Write all of the entries out again exactly, but not the images.

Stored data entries
----------

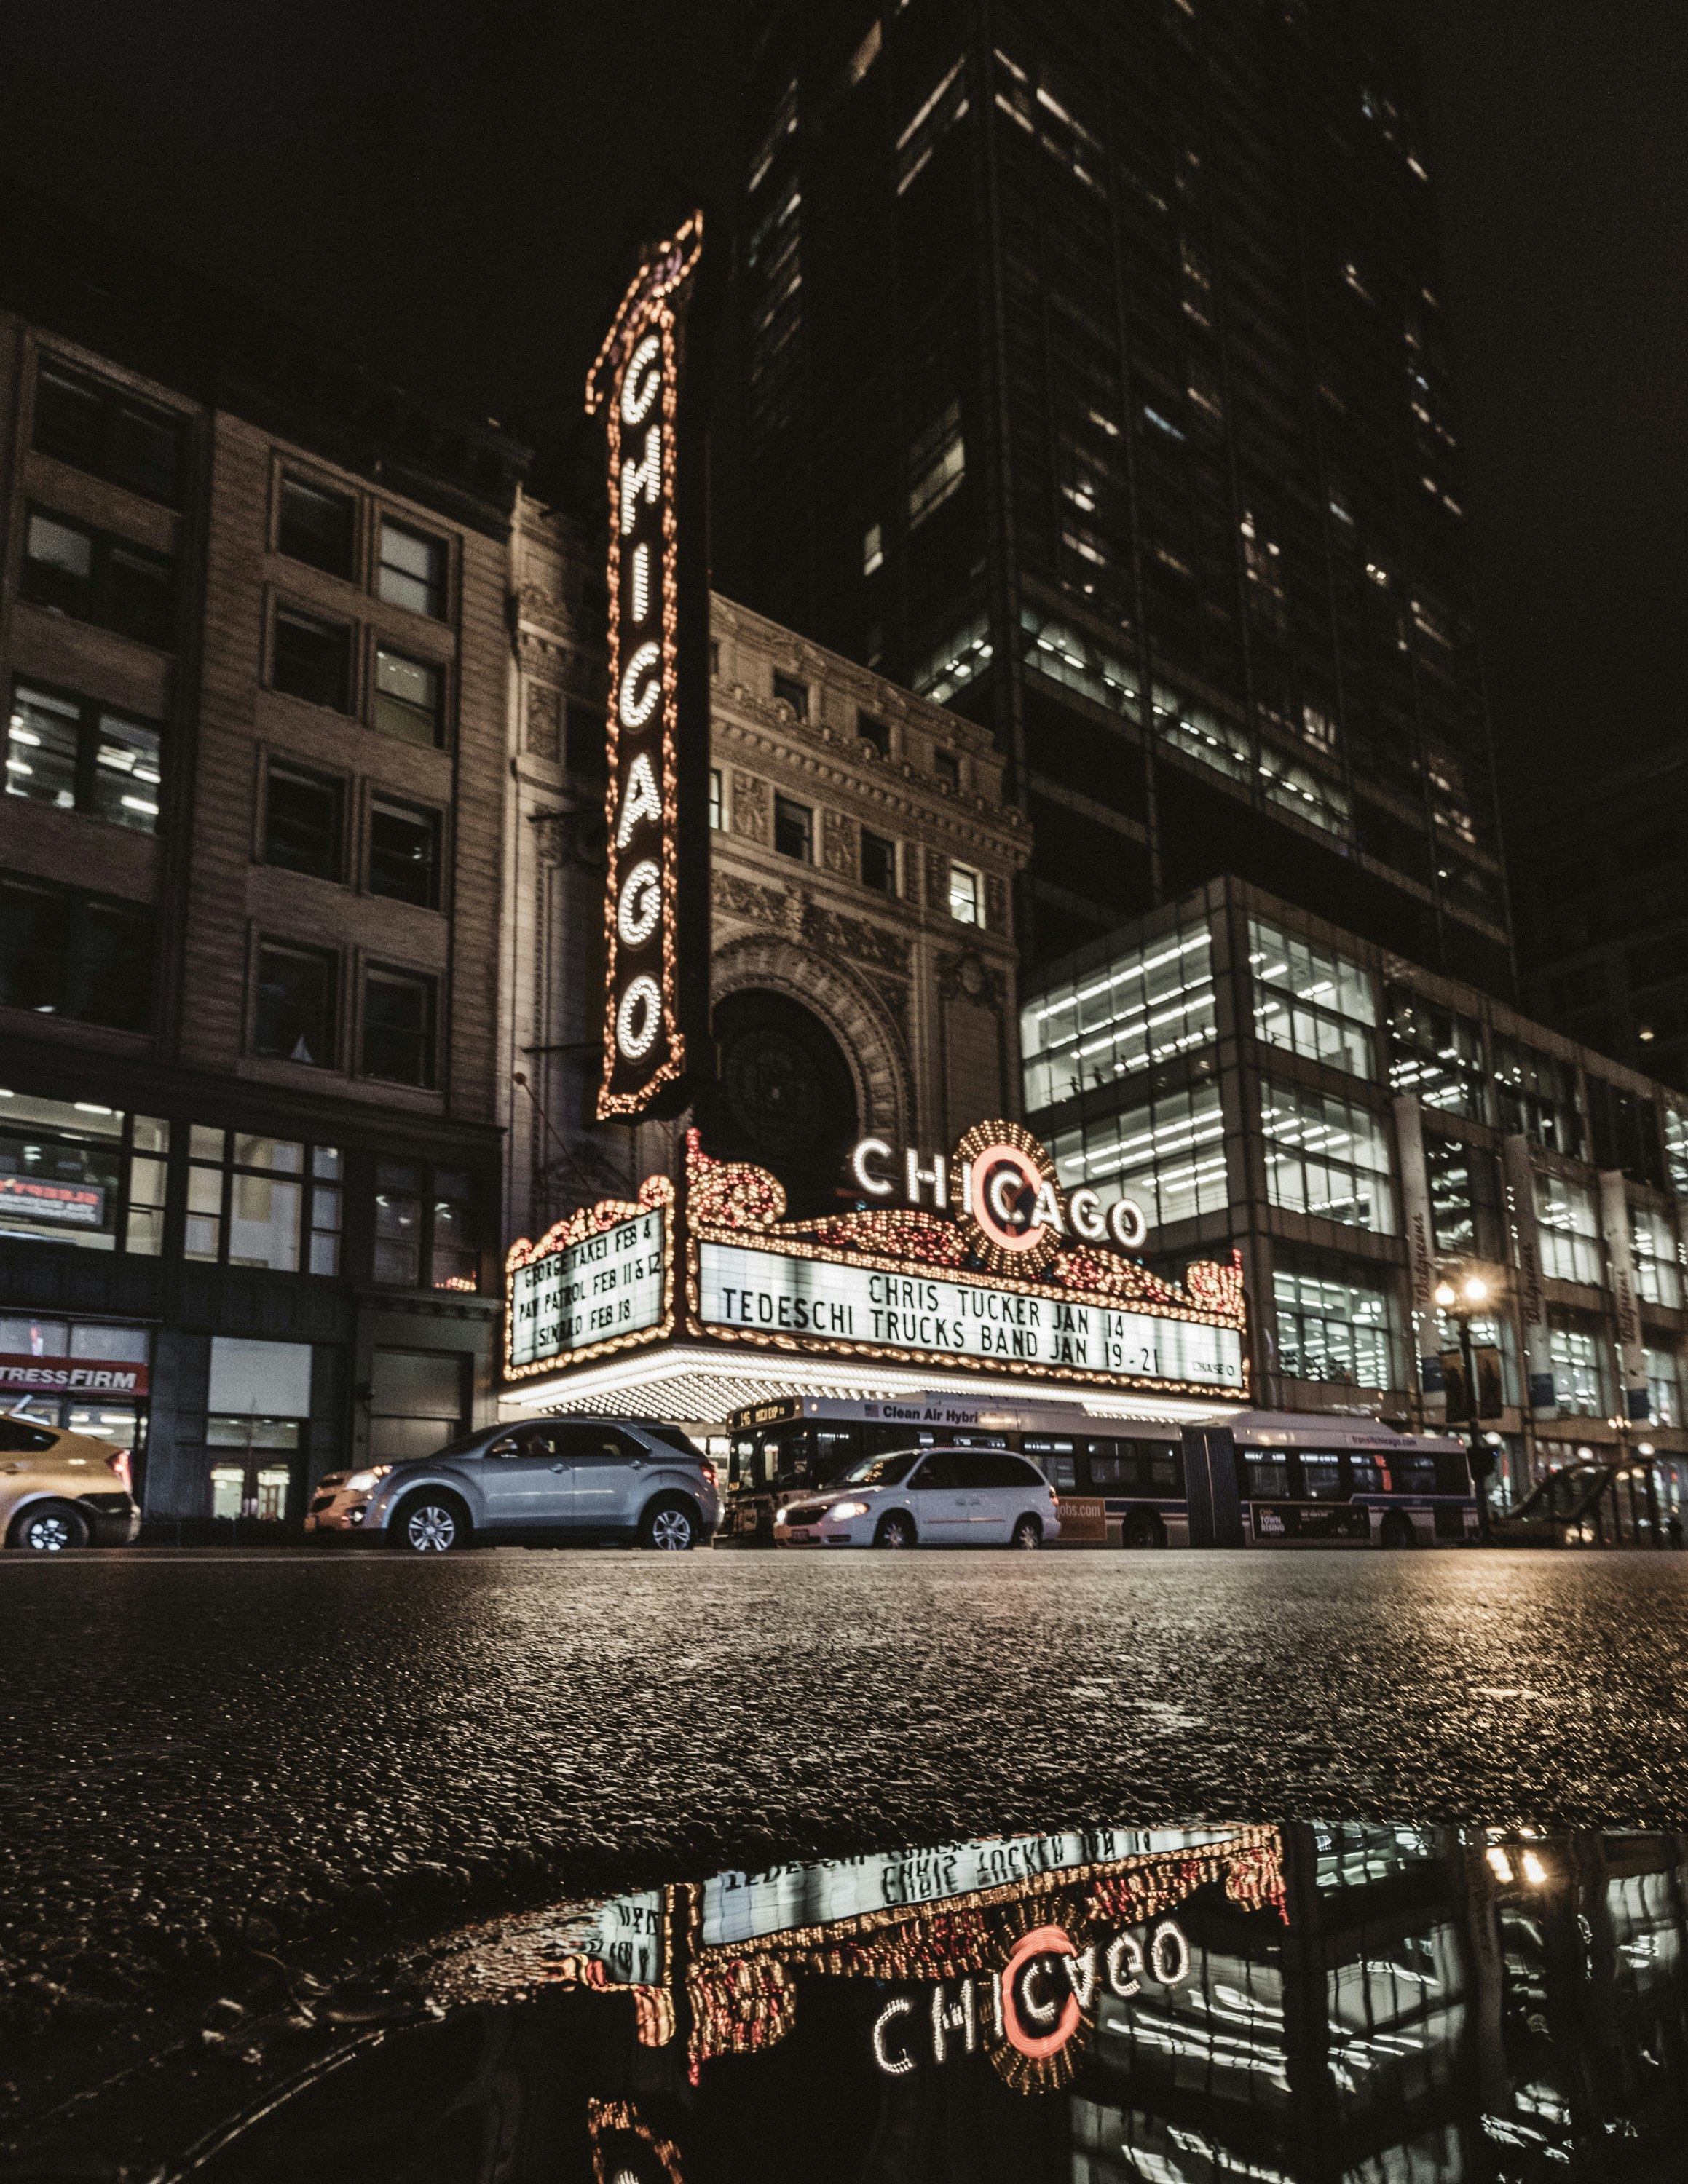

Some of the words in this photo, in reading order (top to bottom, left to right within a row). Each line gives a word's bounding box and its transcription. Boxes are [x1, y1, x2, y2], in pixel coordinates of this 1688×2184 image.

[617, 334, 663, 1060] CHICAGO
[853, 1138, 1148, 1248] CHICAGO
[572, 1237, 607, 1267] TAKEI
[616, 1224, 637, 1252] FEB
[545, 1281, 585, 1313] PATROL
[594, 1269, 616, 1295] FEB
[624, 1262, 631, 1284] 11
[649, 1252, 660, 1275] 12
[869, 1275, 938, 1311] CHRIS
[958, 1289, 1040, 1327] TUCKER
[1052, 1304, 1089, 1334] JAN
[1107, 1314, 1124, 1340] 14
[591, 1305, 612, 1330] FEB
[619, 1299, 630, 1322] 18
[722, 1287, 853, 1334] TEDESCHI
[869, 1309, 965, 1348] TRUCKS
[982, 1325, 1038, 1358] BAND
[1049, 1335, 1087, 1364] JAN
[883, 1406, 920, 1420] Clean
[924, 1409, 943, 1421] Air

----------

Exercise solution:
Some of the words in this photo, in reading order (top to bottom, left to right within a row). Each line gives a word's bounding box and its transcription. Boxes are [x1, y1, x2, y2], in pixel coordinates of this 1688×2184 image.

[617, 334, 663, 1060] CHICAGO
[853, 1138, 1148, 1248] CHICAGO
[572, 1237, 607, 1267] TAKEI
[616, 1224, 637, 1252] FEB
[545, 1281, 585, 1313] PATROL
[594, 1269, 616, 1295] FEB
[624, 1262, 631, 1284] 11
[649, 1252, 660, 1275] 12
[869, 1275, 938, 1311] CHRIS
[958, 1289, 1040, 1327] TUCKER
[1052, 1304, 1089, 1334] JAN
[1107, 1314, 1124, 1340] 14
[591, 1305, 612, 1330] FEB
[619, 1299, 630, 1322] 18
[722, 1287, 853, 1334] TEDESCHI
[869, 1309, 965, 1348] TRUCKS
[982, 1325, 1038, 1358] BAND
[1049, 1335, 1087, 1364] JAN
[883, 1406, 920, 1420] Clean
[924, 1409, 943, 1421] Air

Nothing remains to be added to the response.